Each line of the material must reappear unchanged in the answer.

Records for the task:
***
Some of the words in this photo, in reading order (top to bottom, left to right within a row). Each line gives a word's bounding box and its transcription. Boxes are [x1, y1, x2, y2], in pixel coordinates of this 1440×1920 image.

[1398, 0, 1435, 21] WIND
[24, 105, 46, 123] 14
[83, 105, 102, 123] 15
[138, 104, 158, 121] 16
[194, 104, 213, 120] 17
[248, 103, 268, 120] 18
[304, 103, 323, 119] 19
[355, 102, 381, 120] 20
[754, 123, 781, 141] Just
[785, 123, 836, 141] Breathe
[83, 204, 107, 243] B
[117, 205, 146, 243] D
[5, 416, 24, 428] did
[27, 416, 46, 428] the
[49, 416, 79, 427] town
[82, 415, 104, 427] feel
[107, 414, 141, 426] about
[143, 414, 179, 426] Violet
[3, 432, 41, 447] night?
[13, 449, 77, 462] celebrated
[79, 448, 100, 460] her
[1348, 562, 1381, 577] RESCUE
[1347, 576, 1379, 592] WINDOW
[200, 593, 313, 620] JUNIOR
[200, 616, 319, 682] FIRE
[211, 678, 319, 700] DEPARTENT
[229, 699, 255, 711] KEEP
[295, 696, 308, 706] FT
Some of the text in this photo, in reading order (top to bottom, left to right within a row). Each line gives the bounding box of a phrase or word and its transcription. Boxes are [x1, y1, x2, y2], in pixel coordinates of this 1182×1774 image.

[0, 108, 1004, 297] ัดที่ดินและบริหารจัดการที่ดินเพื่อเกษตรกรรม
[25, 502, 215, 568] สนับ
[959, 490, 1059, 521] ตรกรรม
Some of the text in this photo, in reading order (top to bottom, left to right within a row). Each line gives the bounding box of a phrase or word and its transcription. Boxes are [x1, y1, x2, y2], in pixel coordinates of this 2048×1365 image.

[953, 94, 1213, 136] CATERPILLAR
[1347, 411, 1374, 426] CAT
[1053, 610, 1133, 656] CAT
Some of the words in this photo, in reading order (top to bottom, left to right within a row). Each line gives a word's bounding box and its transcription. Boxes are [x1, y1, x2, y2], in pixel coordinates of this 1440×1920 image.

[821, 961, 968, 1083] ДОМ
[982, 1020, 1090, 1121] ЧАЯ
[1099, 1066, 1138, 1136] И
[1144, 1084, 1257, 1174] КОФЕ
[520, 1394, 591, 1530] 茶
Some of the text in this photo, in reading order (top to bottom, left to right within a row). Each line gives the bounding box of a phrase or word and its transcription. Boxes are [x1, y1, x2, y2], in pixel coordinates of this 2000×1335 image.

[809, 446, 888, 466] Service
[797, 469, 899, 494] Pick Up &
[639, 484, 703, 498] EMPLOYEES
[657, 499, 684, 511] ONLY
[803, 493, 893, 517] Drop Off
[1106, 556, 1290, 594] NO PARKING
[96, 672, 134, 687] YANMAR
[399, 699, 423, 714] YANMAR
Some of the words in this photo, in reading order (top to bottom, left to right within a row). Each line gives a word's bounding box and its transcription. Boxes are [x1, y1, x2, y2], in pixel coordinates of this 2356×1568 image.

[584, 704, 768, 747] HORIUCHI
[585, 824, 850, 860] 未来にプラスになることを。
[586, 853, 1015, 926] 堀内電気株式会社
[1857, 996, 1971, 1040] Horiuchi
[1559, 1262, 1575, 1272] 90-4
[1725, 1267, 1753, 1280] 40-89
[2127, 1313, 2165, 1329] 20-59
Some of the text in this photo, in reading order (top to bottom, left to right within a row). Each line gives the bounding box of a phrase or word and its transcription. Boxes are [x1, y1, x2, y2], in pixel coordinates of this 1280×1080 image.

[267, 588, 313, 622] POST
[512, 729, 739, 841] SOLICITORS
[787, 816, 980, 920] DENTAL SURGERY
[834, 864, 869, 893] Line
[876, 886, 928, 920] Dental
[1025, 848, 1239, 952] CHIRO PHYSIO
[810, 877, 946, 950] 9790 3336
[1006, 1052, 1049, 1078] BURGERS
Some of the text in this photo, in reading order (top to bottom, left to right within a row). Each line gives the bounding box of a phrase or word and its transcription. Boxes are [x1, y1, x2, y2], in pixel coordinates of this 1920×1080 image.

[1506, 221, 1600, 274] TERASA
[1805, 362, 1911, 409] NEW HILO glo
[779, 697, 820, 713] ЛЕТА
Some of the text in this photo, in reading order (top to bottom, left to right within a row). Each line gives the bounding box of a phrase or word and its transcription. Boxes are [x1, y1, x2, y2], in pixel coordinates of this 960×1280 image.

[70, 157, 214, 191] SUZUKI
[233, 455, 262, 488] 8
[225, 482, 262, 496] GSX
***
Written answer:
Some of the words in this photo, in reading order (top to bottom, left to right within a row). Each line gives a word's bounding box and its transcription. Boxes are [x1, y1, x2, y2], in pixel coordinates of this 1440×1920 image.

[1398, 0, 1435, 21] WIND
[24, 105, 46, 123] 14
[83, 105, 102, 123] 15
[138, 104, 158, 121] 16
[194, 104, 213, 120] 17
[248, 103, 268, 120] 18
[304, 103, 323, 119] 19
[355, 102, 381, 120] 20
[754, 123, 781, 141] Just
[785, 123, 836, 141] Breathe
[83, 204, 107, 243] B
[117, 205, 146, 243] D
[5, 416, 24, 428] did
[27, 416, 46, 428] the
[49, 416, 79, 427] town
[82, 415, 104, 427] feel
[107, 414, 141, 426] about
[143, 414, 179, 426] Violet
[3, 432, 41, 447] night?
[13, 449, 77, 462] celebrated
[79, 448, 100, 460] her
[1348, 562, 1381, 577] RESCUE
[1347, 576, 1379, 592] WINDOW
[200, 593, 313, 620] JUNIOR
[200, 616, 319, 682] FIRE
[211, 678, 319, 700] DEPARTENT
[229, 699, 255, 711] KEEP
[295, 696, 308, 706] FT
Some of the text in this photo, in reading order (top to bottom, left to right within a row). Each line gives the bounding box of a phrase or word and its transcription. Boxes are [x1, y1, x2, y2], in pixel coordinates of this 1182×1774 image.

[0, 108, 1004, 297] ัดที่ดินและบริหารจัดการที่ดินเพื่อเกษตรกรรม
[25, 502, 215, 568] สนับ
[959, 490, 1059, 521] ตรกรรม
Some of the text in this photo, in reading order (top to bottom, left to right within a row). Each line gives the bounding box of a phrase or word and its transcription. Boxes are [x1, y1, x2, y2], in pixel coordinates of this 2048×1365 image.

[953, 94, 1213, 136] CATERPILLAR
[1347, 411, 1374, 426] CAT
[1053, 610, 1133, 656] CAT
Some of the words in this photo, in reading order (top to bottom, left to right within a row). Each line gives a word's bounding box and its transcription. Boxes are [x1, y1, x2, y2], in pixel coordinates of this 1440×1920 image.

[821, 961, 968, 1083] ДОМ
[982, 1020, 1090, 1121] ЧАЯ
[1099, 1066, 1138, 1136] И
[1144, 1084, 1257, 1174] КОФЕ
[520, 1394, 591, 1530] 茶
Some of the text in this photo, in reading order (top to bottom, left to right within a row). Each line gives the bounding box of a phrase or word and its transcription. Boxes are [x1, y1, x2, y2], in pixel coordinates of this 2000×1335 image.

[809, 446, 888, 466] Service
[797, 469, 899, 494] Pick Up &
[639, 484, 703, 498] EMPLOYEES
[657, 499, 684, 511] ONLY
[803, 493, 893, 517] Drop Off
[1106, 556, 1290, 594] NO PARKING
[96, 672, 134, 687] YANMAR
[399, 699, 423, 714] YANMAR
Some of the words in this photo, in reading order (top to bottom, left to right within a row). Each line gives a word's bounding box and its transcription. Boxes are [x1, y1, x2, y2], in pixel coordinates of this 2356×1568 image.

[584, 704, 768, 747] HORIUCHI
[585, 824, 850, 860] 未来にプラスになることを。
[586, 853, 1015, 926] 堀内電気株式会社
[1857, 996, 1971, 1040] Horiuchi
[1559, 1262, 1575, 1272] 90-4
[1725, 1267, 1753, 1280] 40-89
[2127, 1313, 2165, 1329] 20-59
Some of the text in this photo, in reading order (top to bottom, left to right within a row). Each line gives the bounding box of a phrase or word and its transcription. Boxes are [x1, y1, x2, y2], in pixel coordinates of this 1280×1080 image.

[267, 588, 313, 622] POST
[512, 729, 739, 841] SOLICITORS
[787, 816, 980, 920] DENTAL SURGERY
[834, 864, 869, 893] Line
[876, 886, 928, 920] Dental
[1025, 848, 1239, 952] CHIRO PHYSIO
[810, 877, 946, 950] 9790 3336
[1006, 1052, 1049, 1078] BURGERS
Some of the text in this photo, in reading order (top to bottom, left to right within a row). Each line gives the bounding box of a phrase or word and its transcription. Boxes are [x1, y1, x2, y2], in pixel coordinates of this 1920×1080 image.

[1506, 221, 1600, 274] TERASA
[1805, 362, 1911, 409] NEW HILO glo
[779, 697, 820, 713] ЛЕТА
Some of the text in this photo, in reading order (top to bottom, left to right within a row). Each line gives the bounding box of a phrase or word and its transcription. Boxes are [x1, y1, x2, y2], in pixel coordinates of this 960×1280 image.

[70, 157, 214, 191] SUZUKI
[233, 455, 262, 488] 8
[225, 482, 262, 496] GSX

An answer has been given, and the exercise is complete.